One important note: never route video downloads through proxies. The files are large and proxy bandwidth is expensive. Only proxy the metadata/info-json API calls if you need to avoid rate limits.

Step 2: Extract a Segment

// clipper.js
import ffmpeg from 'fluent-ffmpeg';

export function extractSegment(inputPath, outputPath, startTime, duration) {
  return new Promise((resolve, reject) => {
    ffmpeg(inputPath)
      .seekInput(startTime)
      .duration(duration)
      .outputOptions(['-c:v libx264', '-c:a aac', '-avoid_negative_ts make_zero'])
      .output(outputPath)
      .on('end', resolve)
      .on('error', reject)
      .run();
  });
}
Enter fullscreen mode Exit fullscreen mode

Using .seekInput() before the input (input seeking) is much faster than output seeking because FFmpeg skips the packet decode entirely until it hits the target timestamp.

Step 3: Crop to 9:16

Here's where it gets interesting.

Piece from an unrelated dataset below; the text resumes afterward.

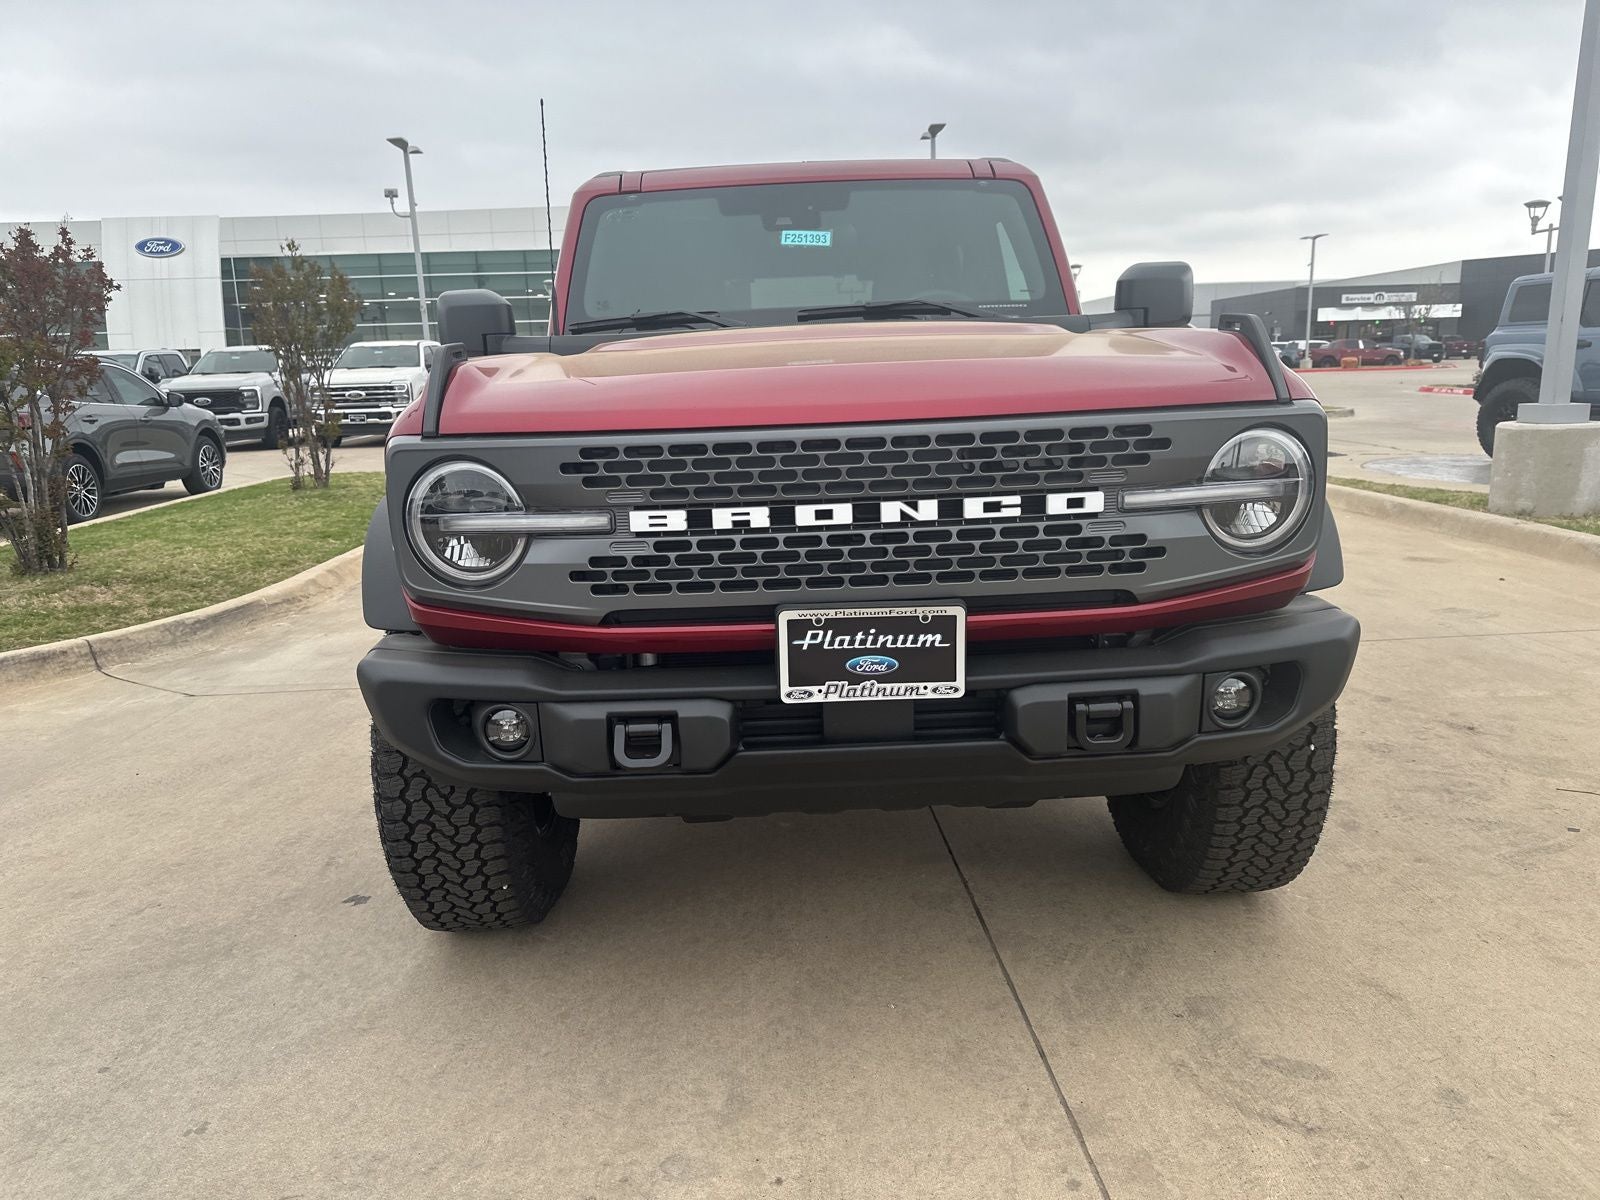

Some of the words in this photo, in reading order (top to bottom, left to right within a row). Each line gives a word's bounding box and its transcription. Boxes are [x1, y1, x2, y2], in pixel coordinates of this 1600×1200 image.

For a 1920x1080 source, a 9:16 crop at full height would be 607x1080. But for Shorts, we want 1080x1920 — so we need to scale up.

// cropper.js
import ffmpeg from 'fluent-ffmpeg';

export function cropToVertical(inputPath, outputPath, cropX = null) {
  // For 1080p source: crop 607px wide, centered or at cropX
  const sourceWidth = 1920;
  const sourceHeight = 1080;
  const cropWidth = Math.floor(sourceHeight * (9 / 16)); // 607
  const x = cropX !== null ? cropX : Math.floor((sourceWidth - cropWidth) / 2);

  return new Promise((resolve, reject) => {
    ffmpeg(inputPath)
      .videoFilter([
        `crop=${cropWidth}:${sourceHeight}:${x}:0`,
        `scale=1080:1920:flags=lanczos`
      ])
      .outputOptions([
        '-c:v libx264',
        '-preset fast',
        '-crf 23',
        '-c:a aac',
        '-b:a 128k',
        '-movflags +faststart'
      ])
      .output(outputPath)
      .on('end', resolve)
      .on('error', reject)
      .run();
  });
}
Enter fullscreen mode Exit fullscreen mode

The -movflags +faststart flag moves the moov atom to the front of the file, which is essential for streaming and preview loading in browser players.

Step 4: Wire It Together

// pipeline.js
import { downloadVideo } from './downloader.js';
import { extractSegment } from './clipper.js';
import { cropToVertical } from './cropper.js';
import path from 'path';
import fs from 'fs';

const TMP = '/tmp/clips';
fs.mkdirSync(TMP, { recursive: true });

async function processYouTubeToShort(youtubeUrl, startTime, duration, cropX = null) {
  console.log('Downloading...');
  const sourcePath = await downloadVideo(youtubeUrl, TMP);

  console.log('Extracting segment...');
  const segmentPath = path.join(TMP, `segment_${Date.now()}.mp4`);
  await extractSegment(sourcePath, segmentPath, startTime, duration);

  console.log('Cropping to vertical...');
  const outputPath = path.join(TMP, `short_${Date.now()}.mp4`);
  await cropToVertical(segmentPath, outputPath, cropX);

  // Cleanup segment
  fs.unlinkSync(segmentPath);

  console.log(`Done: ${outputPath}`);
  return outputPath;
}

// Example usage
processYouTubeToShort(
  'https://www.youtube.com/watch?v=dQw4w9WgXcQ',
  '00:01:24',
  45,
  700 // crop starting at x=700
);
Enter fullscreen mode Exit fullscreen mode

Adding Smart Crop Detection

For a basic center-crop fallback, what we have is fine. For intelligent crop detection — like following a speaker's face — you need a secondary analysis pass. That's where integrating something like MediaPipe or a frame-by-frame face detection step comes in.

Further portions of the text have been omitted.